Here I won't talk about any specific beliefs or pseudosciences. Rather I will just mention an overall attitude about teaching methods. It is very difficult to determine what works in education. Overwhelmingly, when you talk to educators about what they do, they will mention some technique they use that works or doesn't work. The problem comes in when you ask how they know if it works or not. Usually, it is just a feeling. It seemed to work. You seemed to connect with students. They were excited about it. The problem for anyone familiar with the nature of evidence is that this is all subjective. It is also prone to confirmation bias. We notice the students that it did work with but we fail to see those students that we lost (or sometimes the other way around).
Chances are most techniques work well with some students and less with others. We are likely to see the examples where it works and either fail to see or ignore those where it does not. Which students are most likely going to give us feedback? And of course a bigger problem is that a student's subjective feeling does not necessarily mean it really produced the outcomes we desire.
A slightly better way to assess outcomes is with student surveys, and probably most educators use these. If they are anonymous and you get all students, they are likely to be a little more representative, although students still might change what they write to please those who will read it, just as they do in all surveys. And again, these are only the student's subjective feelings of how they learned.
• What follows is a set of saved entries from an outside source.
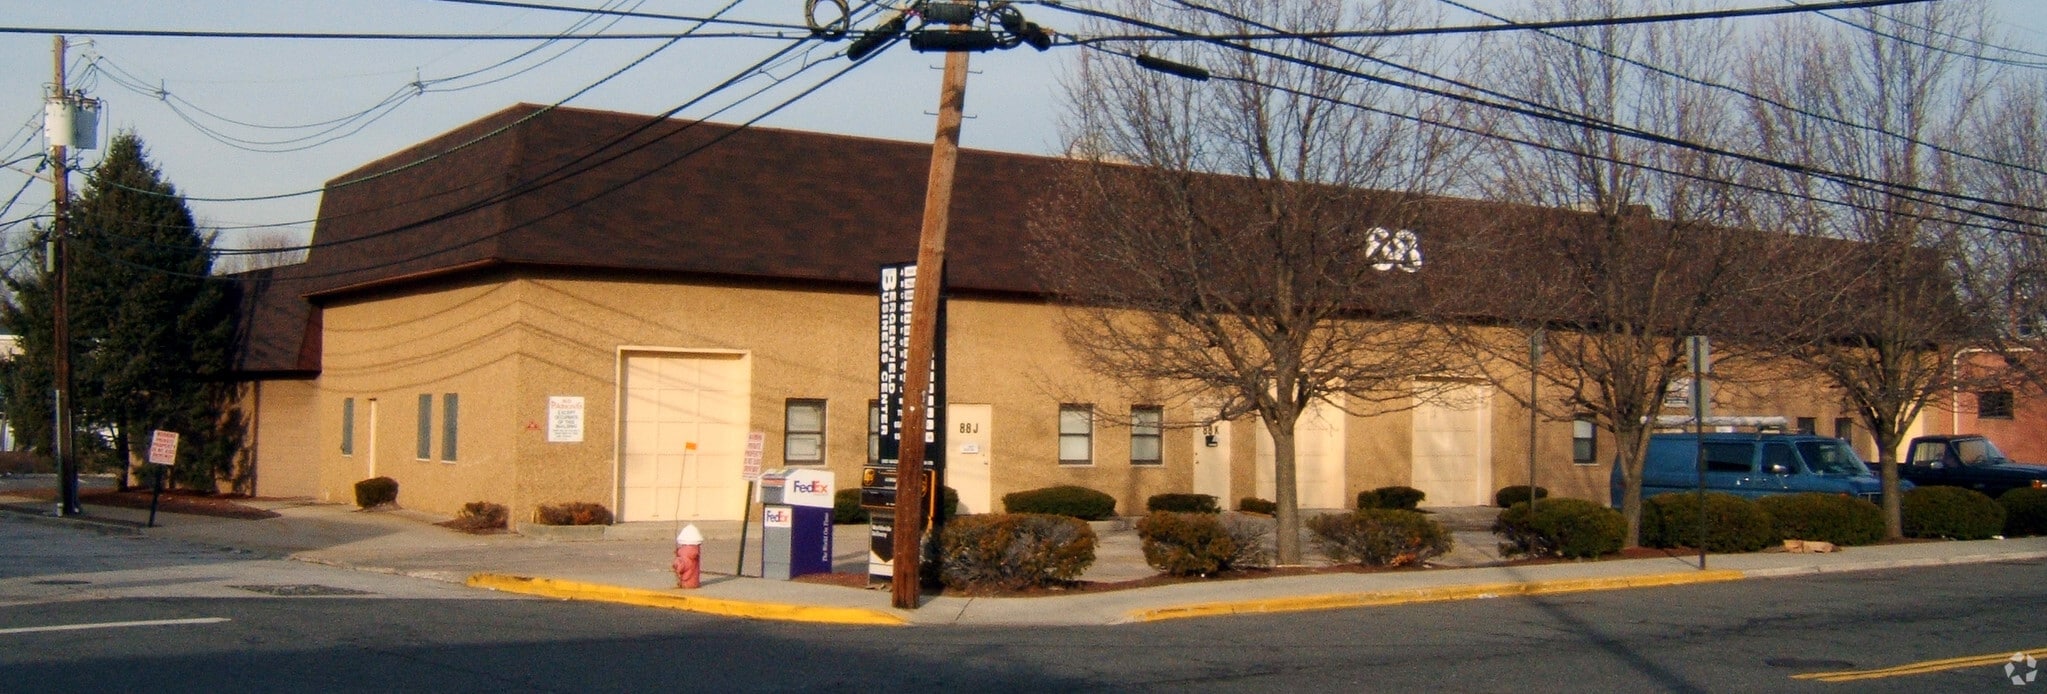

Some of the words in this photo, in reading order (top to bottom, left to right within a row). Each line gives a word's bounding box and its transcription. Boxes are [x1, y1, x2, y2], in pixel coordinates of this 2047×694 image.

[881, 371, 889, 435] CENTER
[793, 480, 828, 493] FedEx
[766, 510, 789, 523] FedEx
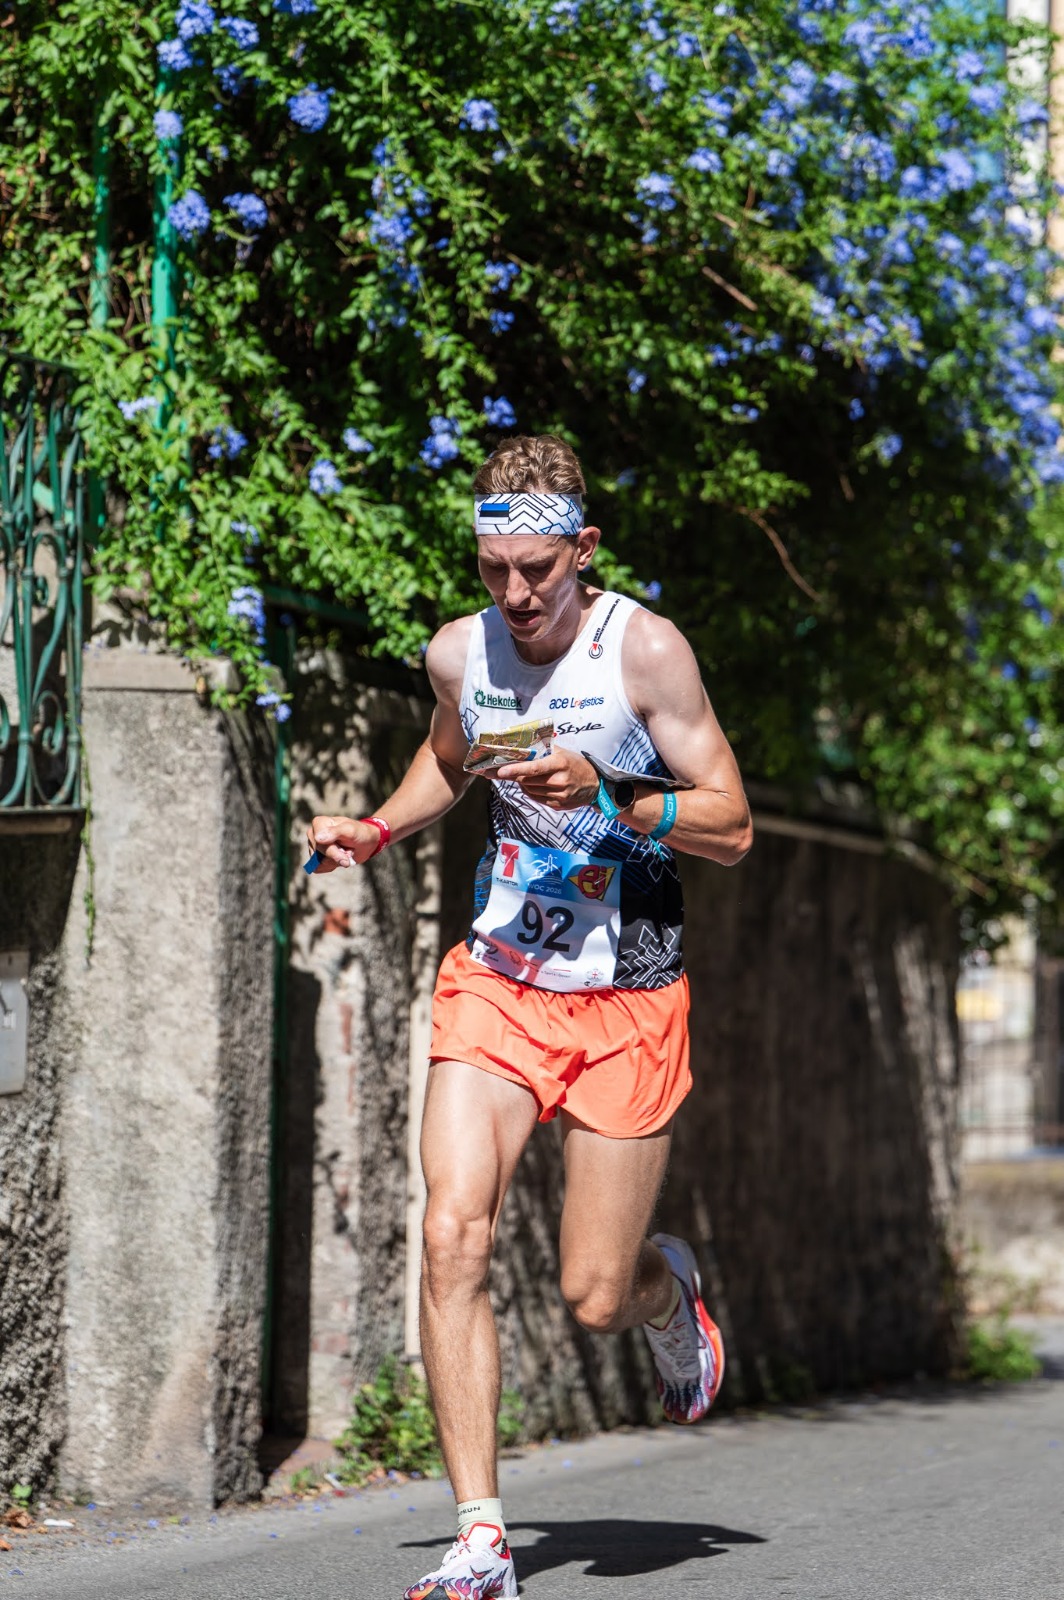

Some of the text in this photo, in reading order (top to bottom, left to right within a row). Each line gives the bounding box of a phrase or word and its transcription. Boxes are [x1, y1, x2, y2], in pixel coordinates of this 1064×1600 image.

[487, 694, 522, 708] Hekotek
[549, 696, 605, 710] ace Logistics
[556, 721, 605, 736] Style
[517, 900, 575, 952] 92
The best way to determine what works is research, and it is the attitude of many in the sciences towards this research that I would most like to discuss. There is research on education. One thing it tells us, fortunately, is that student surveys are usually fairly accurate assessments of actual student learning, so some of the above techniques are at least somewhat useful. However, when a professor gets poor student evaluations, chances are he/she will dismiss them and say that they are only low because he was too hard of a grader or similar justifications. When they have actual data, they can ignore it.
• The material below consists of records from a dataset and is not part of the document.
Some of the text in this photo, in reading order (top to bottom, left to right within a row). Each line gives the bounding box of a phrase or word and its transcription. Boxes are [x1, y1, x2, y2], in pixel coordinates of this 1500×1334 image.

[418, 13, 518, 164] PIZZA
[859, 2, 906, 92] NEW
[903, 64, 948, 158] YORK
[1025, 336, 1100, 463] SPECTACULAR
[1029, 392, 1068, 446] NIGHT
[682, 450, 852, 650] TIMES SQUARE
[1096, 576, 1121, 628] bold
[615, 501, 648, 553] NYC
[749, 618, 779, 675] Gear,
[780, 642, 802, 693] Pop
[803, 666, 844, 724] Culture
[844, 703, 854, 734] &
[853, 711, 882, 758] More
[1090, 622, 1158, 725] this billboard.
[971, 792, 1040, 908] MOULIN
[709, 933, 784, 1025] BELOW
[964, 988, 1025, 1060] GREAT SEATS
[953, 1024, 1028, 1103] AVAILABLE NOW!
There is extensive research that shows that a pure lecture format does not work well for most educational outcomes. Some level of active learning works much better. This is a robust result of many different studies. The details of what does work can be murky and this does not mean that lectures have no role to play, it just means that 100% lecture is not the best way to go. I have known professors who completely dismiss all of this research as some kind of touchy-feely pandering.
What I find unscientific is this attitude towards research, especially among science teachers. Scientists should know that personal experience is not reliable. Scientists should know that research is better. Now I fully agree that the level of research in education isn't always as good as in other areas. So if someone had actually read some studies and found specific methodological flaws in the research, I would have no problem with them dismissing it. But that is not what I often see. Rather there is the feeling that they know what works best in teaching and they aren't going to have somebody from an education department tell them what works and what doesn't. They aren't going to worry about student evaluations, since they know what works and those studies showing evaluations are accurate can be ignored. After all, 5 of the 100 students they have tell them they are doing a great job.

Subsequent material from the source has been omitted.